La Belgique est le pays européen qui compte de loin le plus de voitures de société, également appelées « voitures-salaires », entendues comme une « voiture mise à la disposition d’un travailleur par sa société ou son employeur et qui peut être utilisée pour des besoins privés. La voiture de société représente un avantage en nature, ce qui signifie qu’à la place d’un salaire légèrement plus élevé, l’employé reçoit une voiture et une carte essence pour lesquelles il ne doit payer ni impôts ni cotisations sociales.

L’employeur ne paie pas non plus de cotisations sociales mais une cotisation dite de « solidarité » en fonction du taux d’émission de CO2 de la voiture, qui reste bien inférieure à une cotisation sociale sur le salaire.

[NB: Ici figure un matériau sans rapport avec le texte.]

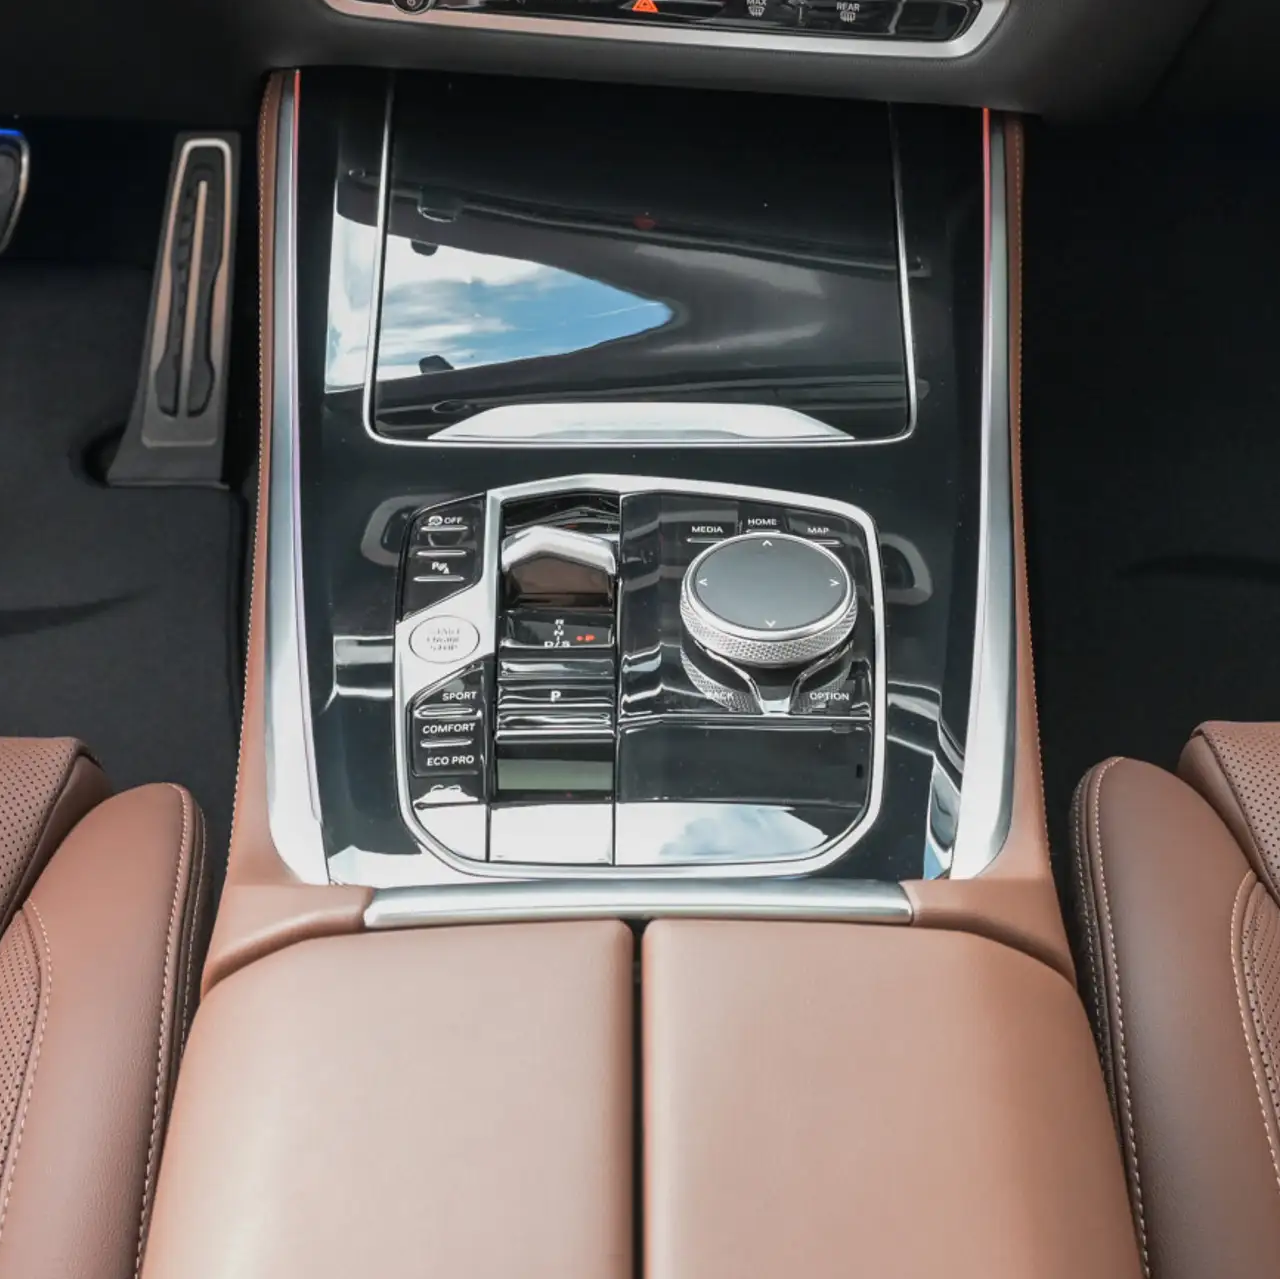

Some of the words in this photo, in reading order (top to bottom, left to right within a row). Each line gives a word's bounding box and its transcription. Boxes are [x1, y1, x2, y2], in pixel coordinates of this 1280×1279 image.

Ce régime bénéficie donc à la fois aux entreprises et aux employés, raison pour laquelle il rencontre un succès particulier en Belgique qui est par ailleurs l’un des pays qui taxe le plus le travail en Europe. Ainsi, le nombre d’employés possédant une voiture de fonction ne cesse d’augmenter d’année en année. Selon les chiffres de l’Office national de la sécurité sociale (ONSS), le nombre de voitures-salaires a augmenté de 103 % entre 2007 et 2022.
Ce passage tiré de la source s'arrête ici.